Yeah there is a ton of false information floating around out there. I've heard many a tall tale in my 42 years in this hobby and these tales will be unloaded on you with a straight face.
The only way to find out about any machine is to use it for at least 100 hours or to rely on an expert who you know won't yank your chain.
To many people think you can run out and buy a detector and figure it out in a few hours. Tain't so. That's why a lot of detectors fail for new owners and where a lot of the tall tales come from, plus there may not be any targets deeper than 4-5 inches where they hunt. There is this myth that still lingers that all old coins are buried deep and that they are just everywhere. It's stupid but many buy into it. In all my years in this hobby I can count the really deep coins I have recovered on my two hands. I have pulled coins from the 1700's from only two inches down and clad coins at ten inches in the same area. So much for the myth.
Many people think all you have to do is turn a new machine on, wave it over the ground, and the coins will almost jump out of the ground. And if this doesn't happen, then in their mind the detector is junk. 99% of all the badmouthing you hear is based on sheer ignorance and total lack of experience. I 've known guys who changed detectors like they change socks and went through 10-30 machines in one year, and still with no measureable success because of all I have described.

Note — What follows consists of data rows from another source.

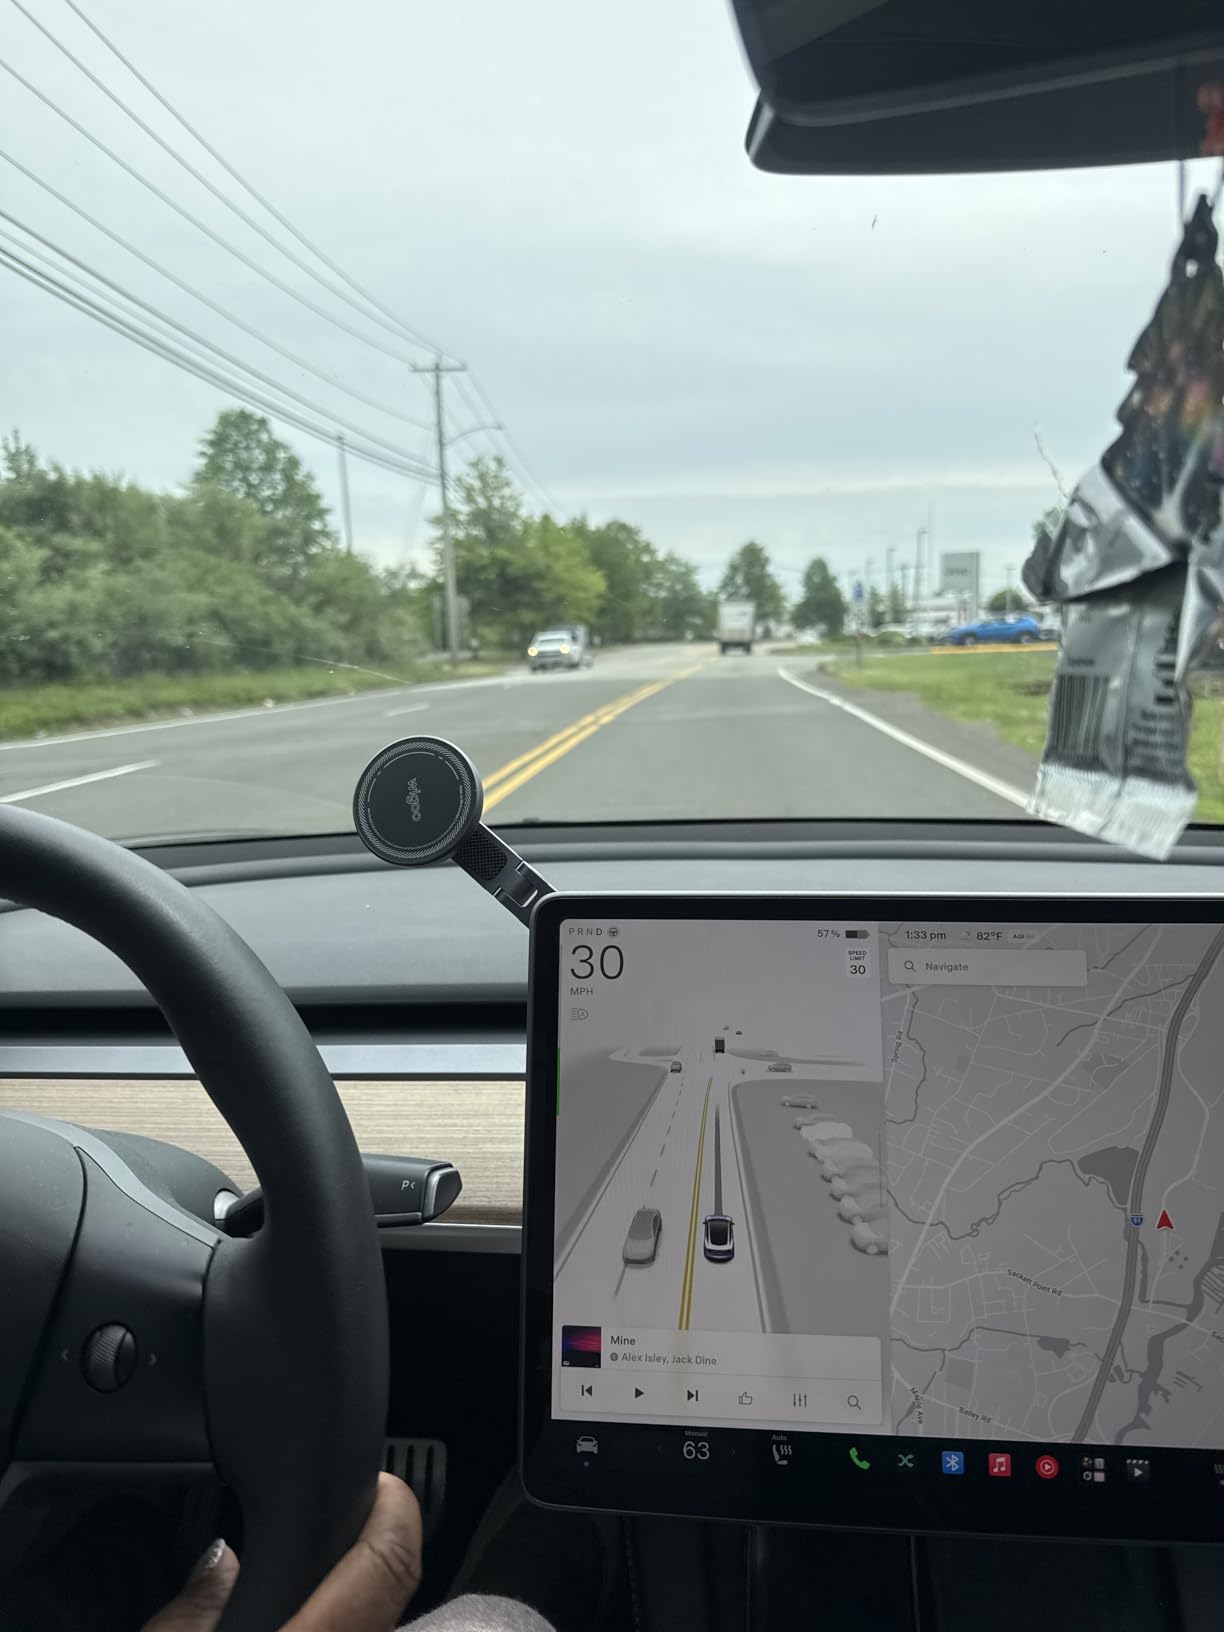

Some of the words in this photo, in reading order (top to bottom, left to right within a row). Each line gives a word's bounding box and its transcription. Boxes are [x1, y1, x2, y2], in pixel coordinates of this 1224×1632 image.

[406, 777, 421, 822] wigoo
[817, 929, 840, 938] 57%
[905, 930, 926, 940] 1:33
[928, 932, 947, 942] pm
[976, 931, 1003, 941] 82°F
[570, 944, 625, 980] 30
[925, 962, 969, 974] Navigate
[850, 964, 866, 975] 30
[570, 987, 594, 996] MPH
[1007, 1269, 1033, 1286] Sackett
[1032, 1281, 1051, 1293] Point
[1051, 1288, 1063, 1297] Rd
[610, 1335, 636, 1346] Mine
[621, 1352, 643, 1363] Alex
[645, 1353, 669, 1365] Isley,
[671, 1355, 693, 1365] Jack
[695, 1355, 717, 1366] Dine
[980, 1414, 992, 1424] Rd
[683, 1441, 710, 1460] 63

The vast majority of dropped coins are well within the reach of most detectors out there, but the coil has to pass over them to find them. Most people out there don't realize that the signal from a concentric coil at peak depth is only covering an area about the size of a quarter. They have this delusion that if their coil is eight inches in diameter that it is covering that same area at depth. I have written several articles on this very subject and I belive one or two are in the online magazine at Treasure Depot. I may do one with diagrams and maybe post it over on the story forum to help dispell this long-standing myth about depth.

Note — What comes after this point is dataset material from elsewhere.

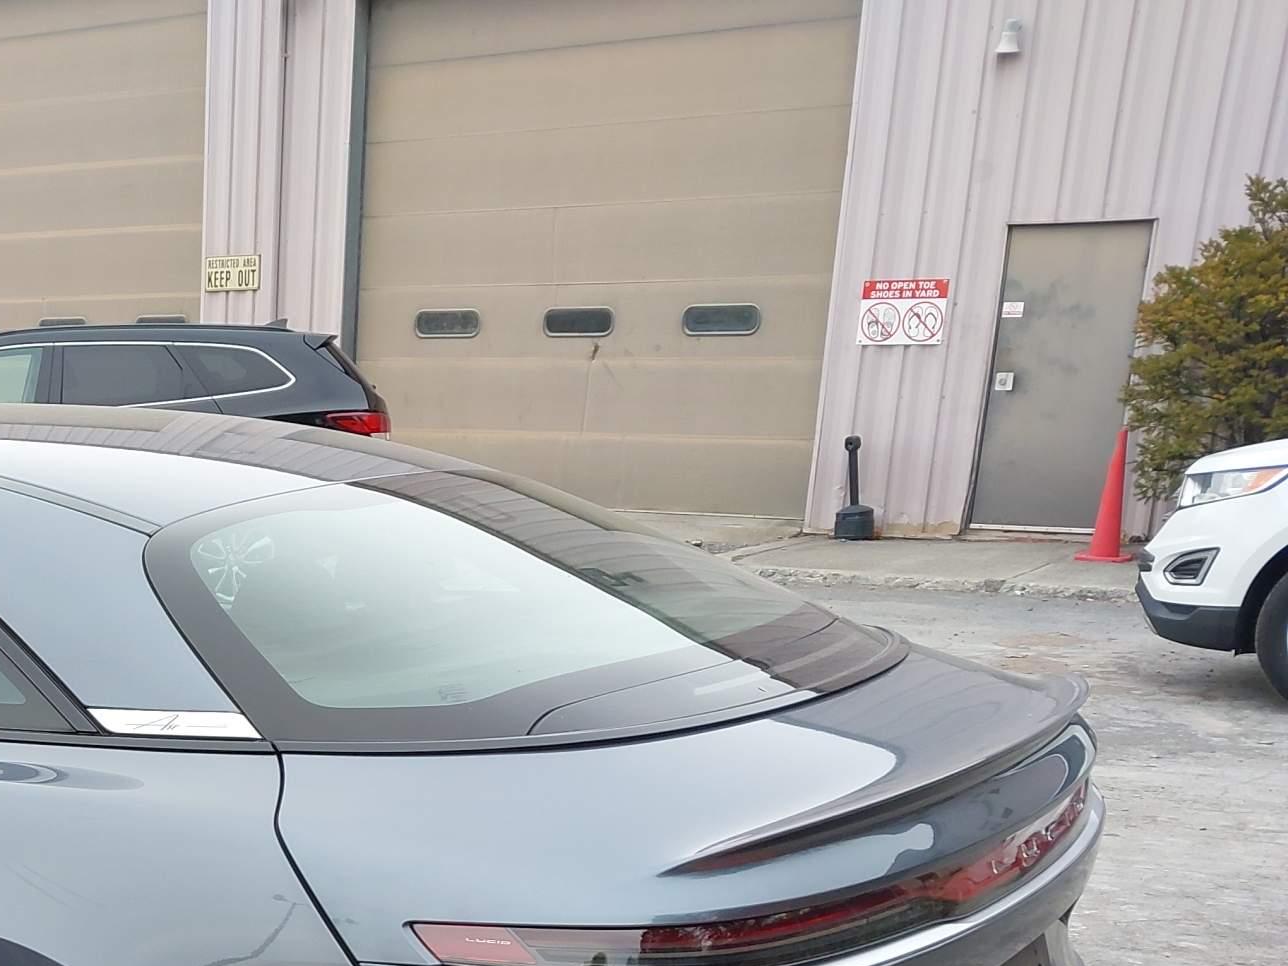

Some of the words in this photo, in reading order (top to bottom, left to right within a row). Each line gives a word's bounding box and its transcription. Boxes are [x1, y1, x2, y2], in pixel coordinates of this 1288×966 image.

Another myth centers around sensitivity. Many think that sensitivity equals depth and the higher you crank it the deeper the detector goes. WRONG!! When one increases the sensitivity they not only make the coil more sensitive to the target they seek but also more sensitive to everything else in the ground, including mineralization, thereby cancelling out any good targets that may be present. The first thing any new user does is crank that sensitivity to the max and set out to find those mythical coins buried halfway to China.

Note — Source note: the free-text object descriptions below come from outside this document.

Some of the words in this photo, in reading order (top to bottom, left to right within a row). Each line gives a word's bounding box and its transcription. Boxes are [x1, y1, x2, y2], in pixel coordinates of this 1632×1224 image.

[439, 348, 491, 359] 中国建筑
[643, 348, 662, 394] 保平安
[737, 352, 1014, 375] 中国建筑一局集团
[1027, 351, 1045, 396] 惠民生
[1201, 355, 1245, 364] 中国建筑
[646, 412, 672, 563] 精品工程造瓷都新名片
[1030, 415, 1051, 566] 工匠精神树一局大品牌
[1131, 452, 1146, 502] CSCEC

Sometime ago I told one fellow ( who was complaining about depth ) to jack his sensitivity way down and try it. He went back over an area he had covered many times and found a slew of old coins he had missed before running in high sensitivity. He is now a believer.
Once one gets past the mythology and the ton of BS stories from folks who don't really know of what they speak, then their success improves immensely. I hear people all the time bad mouthing a machine they have never used and all they are doing is parroting what someone else who never used it has stated. If one has been around long enough to remember the detector wars that plagued the forums several years ago then it's easy to understand what I describe.